I ordered the Rigatoni for Primi and the Meatballs for secondi. Three local men sat in the corner plying themselves with wine even though it was before 1pm. The waitress spoke a bit of English so the ordering process was trouble-free. I sat back and took in the spartan interiors and latched on to the smells escaping the kitchen. My stomach growled.
La Cantina Di Via Sapienza, Napoli
My pasta course took an eternity to come. I initially wondered why, but quickly saw the volume of take-away boxes flying out the kitchen and realised most people had ordered delivery since it was bucketing down outside.
La Cantina Di Via Sapienza, Napoli
Eventually a steaming pile of rigatoni arrived at the table and my mouth watered. Diving in was a divine example of simplicity and honesty. This was al dente to the core, the sauce was hearty and homey and deep. I managed to scarf my way through the entire bowl, almost forgetting I had another course coming.
La Cantina Di Via Sapienza, Napoli
After a brief conversation with a Polish/Dutch couple at the neighboring table (pleading with them to avoid Sorbillo and go to Da Attilio instead), my meatballs were laid down to a feeling of terror. The primi course had already bludgeoned me and I felt incapable of shoving anymore into my mouth. Luckily for me the meatballs were not spectacular, so I felt justified in not finishing the plate. Nonna kept glancing over, perhaps because I was dressed all in black, perhaps because most clients here don't take photographs of their food. 

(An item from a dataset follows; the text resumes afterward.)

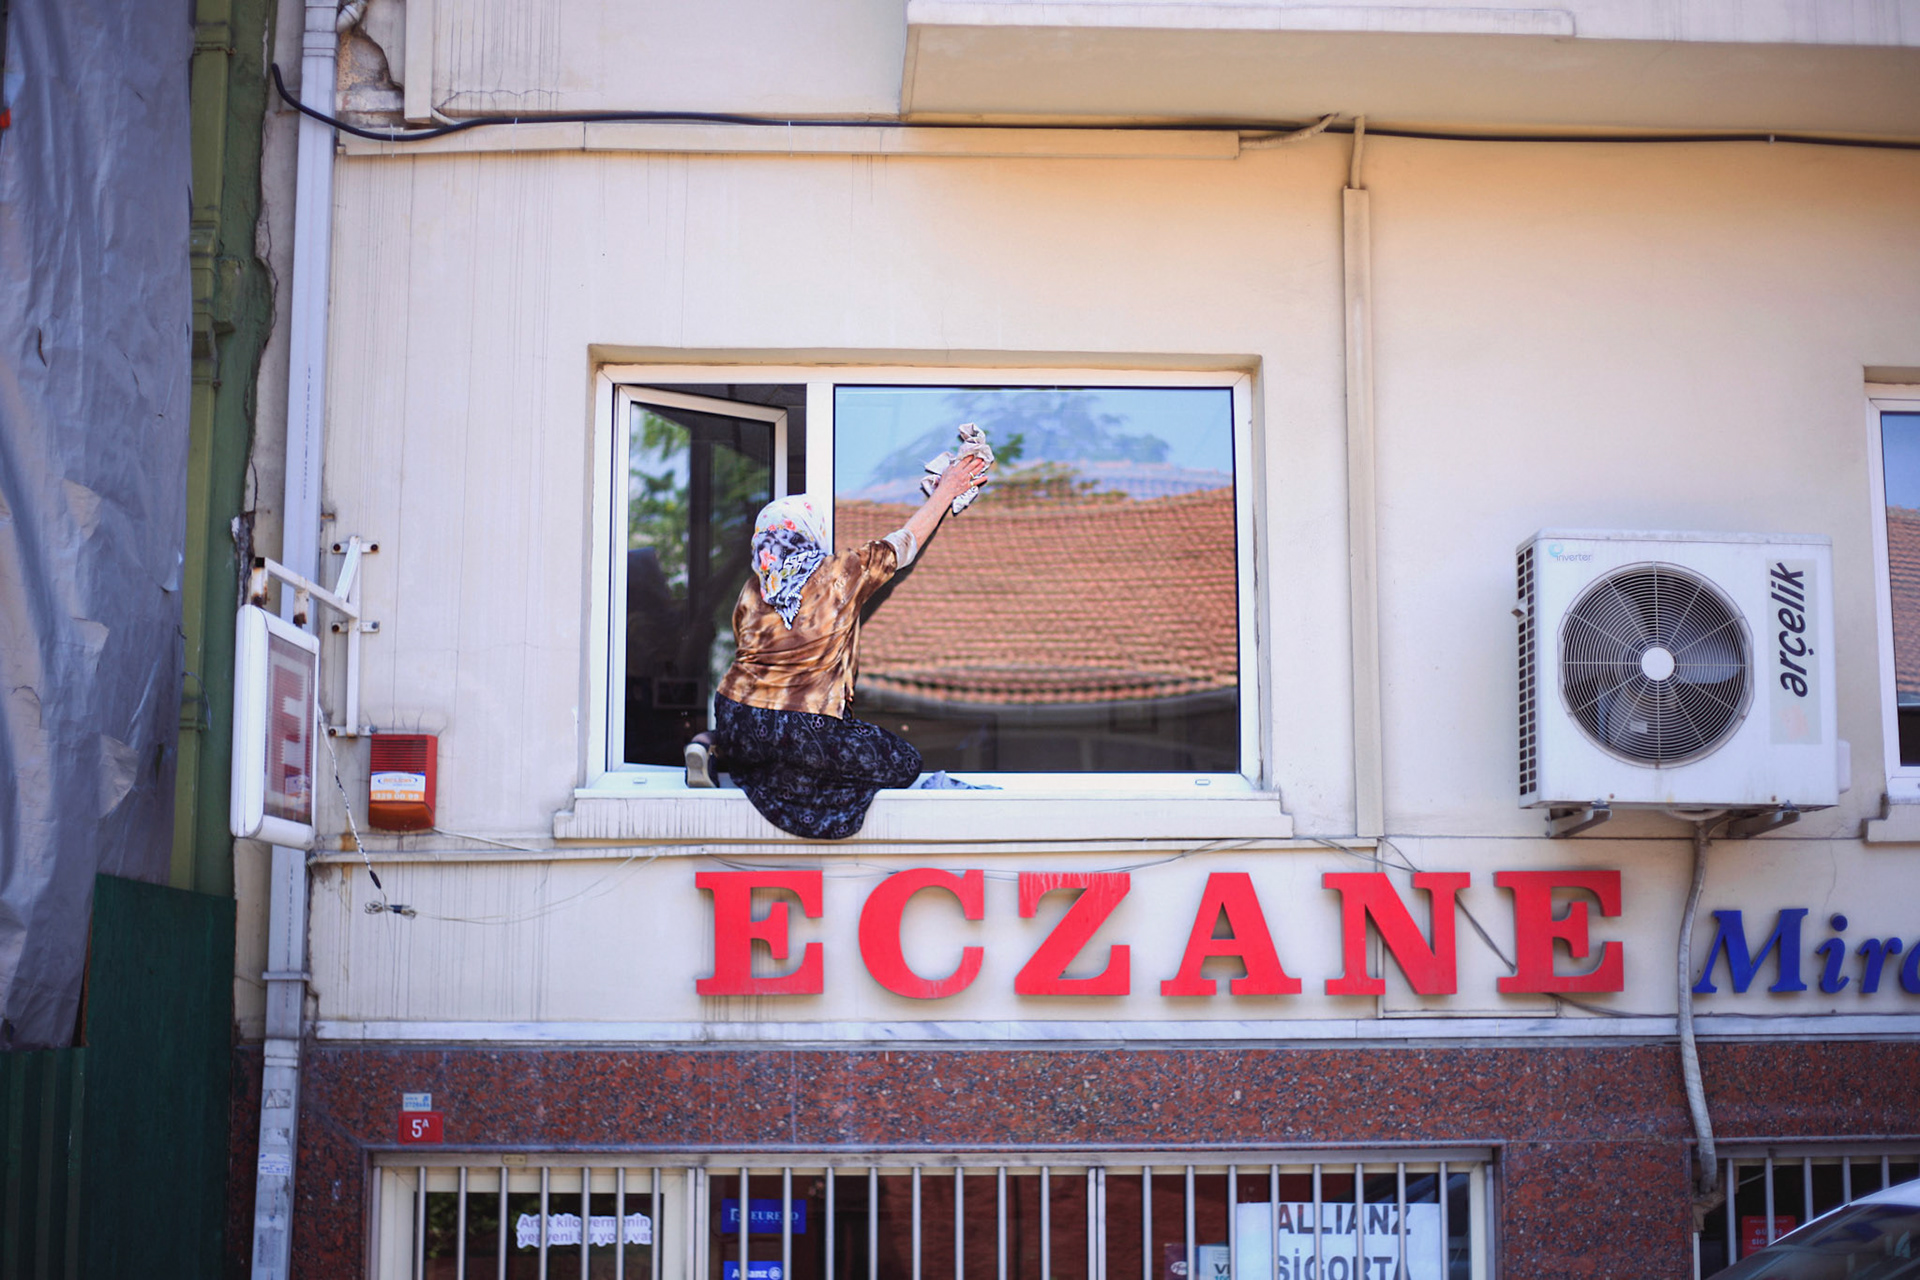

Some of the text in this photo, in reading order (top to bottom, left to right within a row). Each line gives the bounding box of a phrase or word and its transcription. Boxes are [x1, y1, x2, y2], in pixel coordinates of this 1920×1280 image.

The tomato sauce was pretty standard, almost like opening a bottle of passata and heating it up. Texturally the meatball ate dry and were quite firm. It lacked the delicate touch, which is of course reminiscent of home-cooking, but sometimes you appreciate mouth-feel as well as taste. I munched through one and half and threw in the towl, paid the bill, thanked the wonderful family and braced for the rain.

In terms of authenticity, this was an experience. In terms of flavour it was hit and miss.
These recommendations are just personal opinions based on my palate, things change, chefs get fired or replaced, places open-close, relocate, so take it all with a pinch of MSG  and discover your own gems too. But please do try a few of these, they have been researched exhaustively.